The open-source phenomenon, we believe, does have a potentially positive influence on our corporate culture and aspects of human resource management and reward systems. We group these two issues together because they relate specifically to the CSIR context and because the questions we ask are specific to our organization. Why do we wince when we find out that a number of our fireballs protecting our precious information are based on an open-source operating system (FreeBSD)? Are we making ourselves guilty of discouraging the use of open-source development tools for our corporate systems? Are we trapped into thinking that we would not be able to support products based on open-source, such as Linux and Apache? Do we, through selection of business tools, send the message that we do not support open standards? Do we prefer the opinions from outside entities such as the GartnerGroup over the opinion of our own people? Do we encourage personal development through involvement in hobbies that might be beneficial to our work, such as open-source development? Do we settle for less appropriate technology options because one can attend a course on the maintenance of the system? Do we recognize and reward people who implement and maintain systems that might become important for our business? What message do we send to people by arguing savings on overheads when discontinuing systems, but discounting the personal growth and experience gained through the implementation and maintenance of a system?
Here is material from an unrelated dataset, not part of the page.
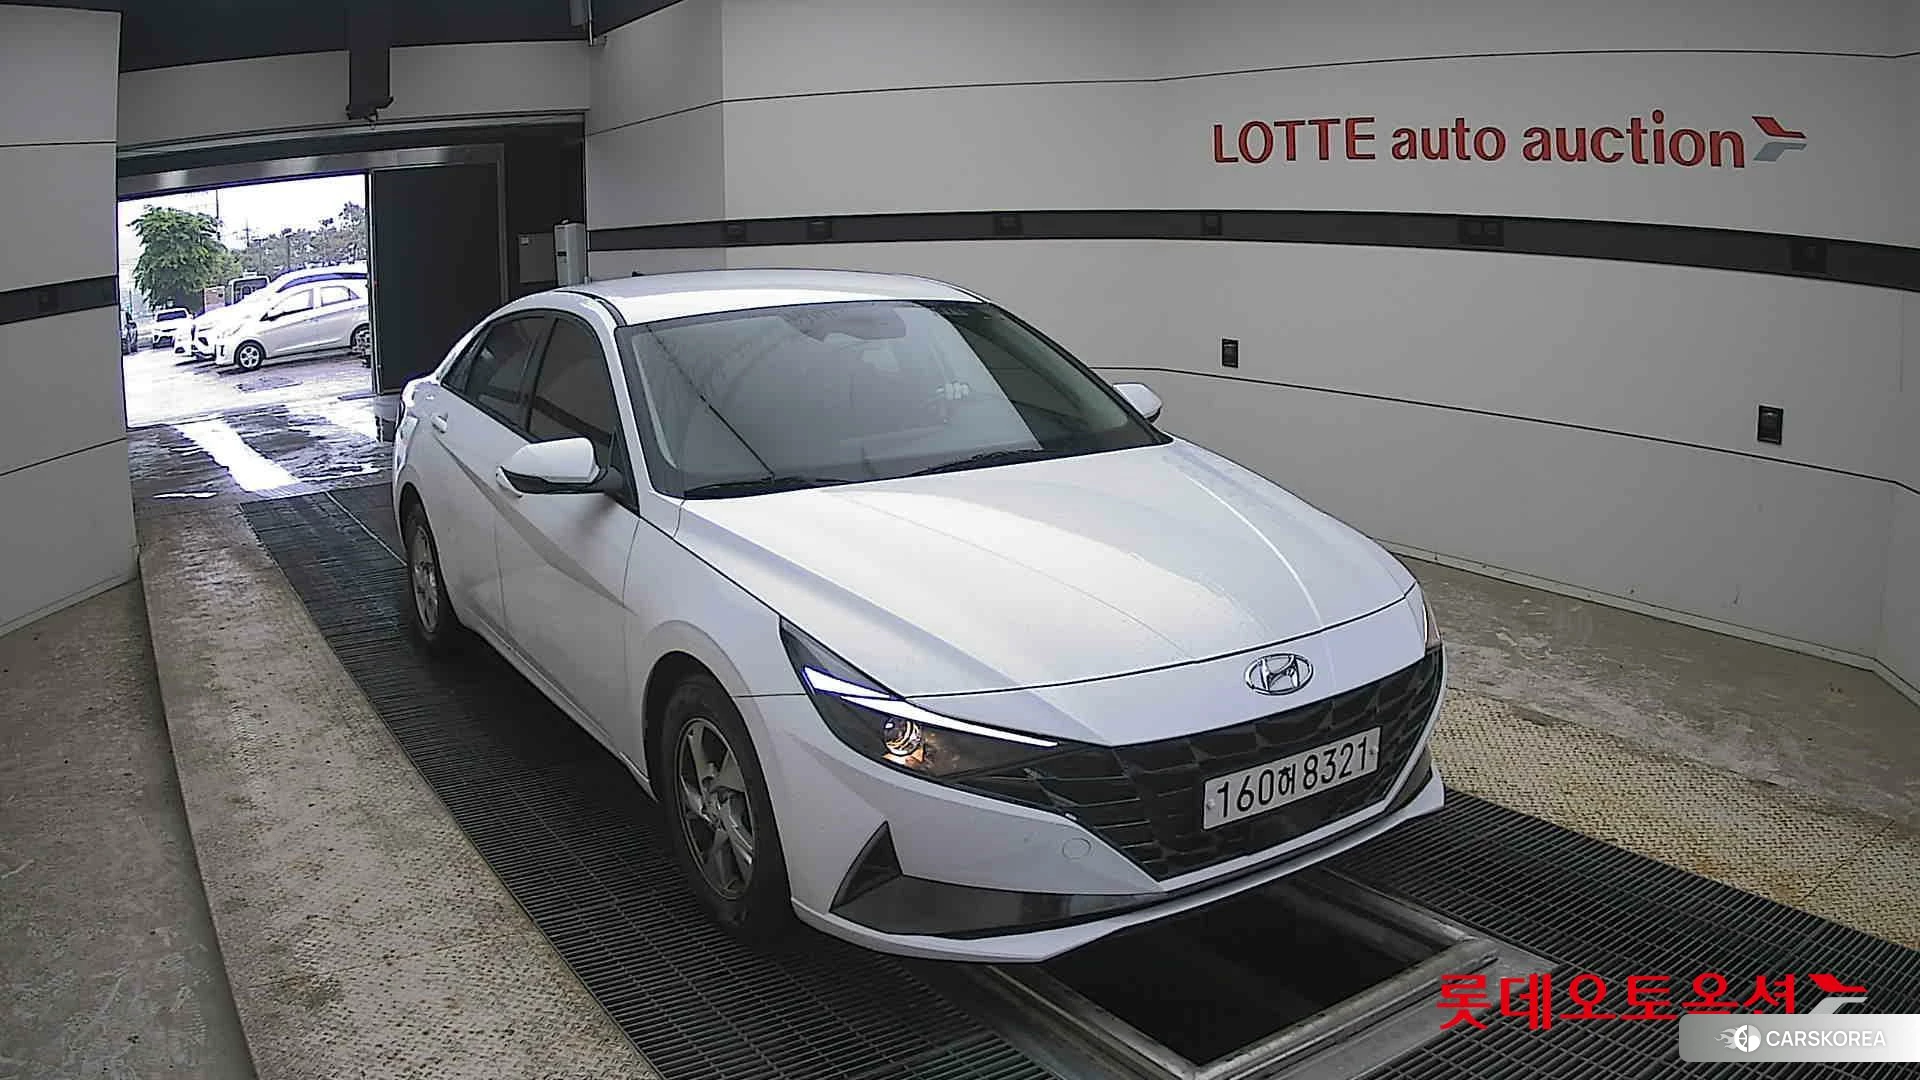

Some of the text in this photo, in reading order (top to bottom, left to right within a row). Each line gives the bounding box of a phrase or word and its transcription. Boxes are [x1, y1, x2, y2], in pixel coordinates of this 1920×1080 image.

[1213, 109, 1745, 169] LOTTE auto auction
These are but a few questions we might need to ask ourselves if we want to understand the effect of the open-source phenomenon on our business.
Finally, we believe that the influence of the open-source movement on IT Architecture, including issues such as standardization and business system selection, is potentially enhanced. Again, we have chosen to ask questions throughout this sub-section. Standardization has many important benefits. Standardization also has one or two drawbacks. Standardization in networked communities or corporations might open vulnerabilities that might not have existed if systems were more diversified. Why is it that I cannot synchronize my PDA's diary with our existing scheduling system, but I can do so even from Microsoft's Exchange. Simply stated, support for the open vCalendar protocol is built into most modern scheduling systems. This is not a comment on the appropriateness of GroupWise, but a symptom of a perceived problem. Do we select business products based on their support for open standards?
In this paper, we have highlighted several issues for the open-source movement, generally, and for our organization, specifically. If we are to summarise the message of our paper then it would be this one: "Understand open-source and it's impact. It is important. It also goes beyond software."
We have argued that the open-source phenomenon holds the possibility for a more fundamental change in how knowledge is created and used in the scientific and technical community, and as a consequence thereof, it holds the potential to transform how and why organizations such as the CSIR conduct research and innovation.
Many issues and statements made here might be highly contentious and emotional but we have deliberately chosen it to be that way. We believe that our organization needs to debate these issues and get to grips with them, particularly, as they will impact on what role we will have - and how we will execute that role - within developing South Africa's indigenous IT market.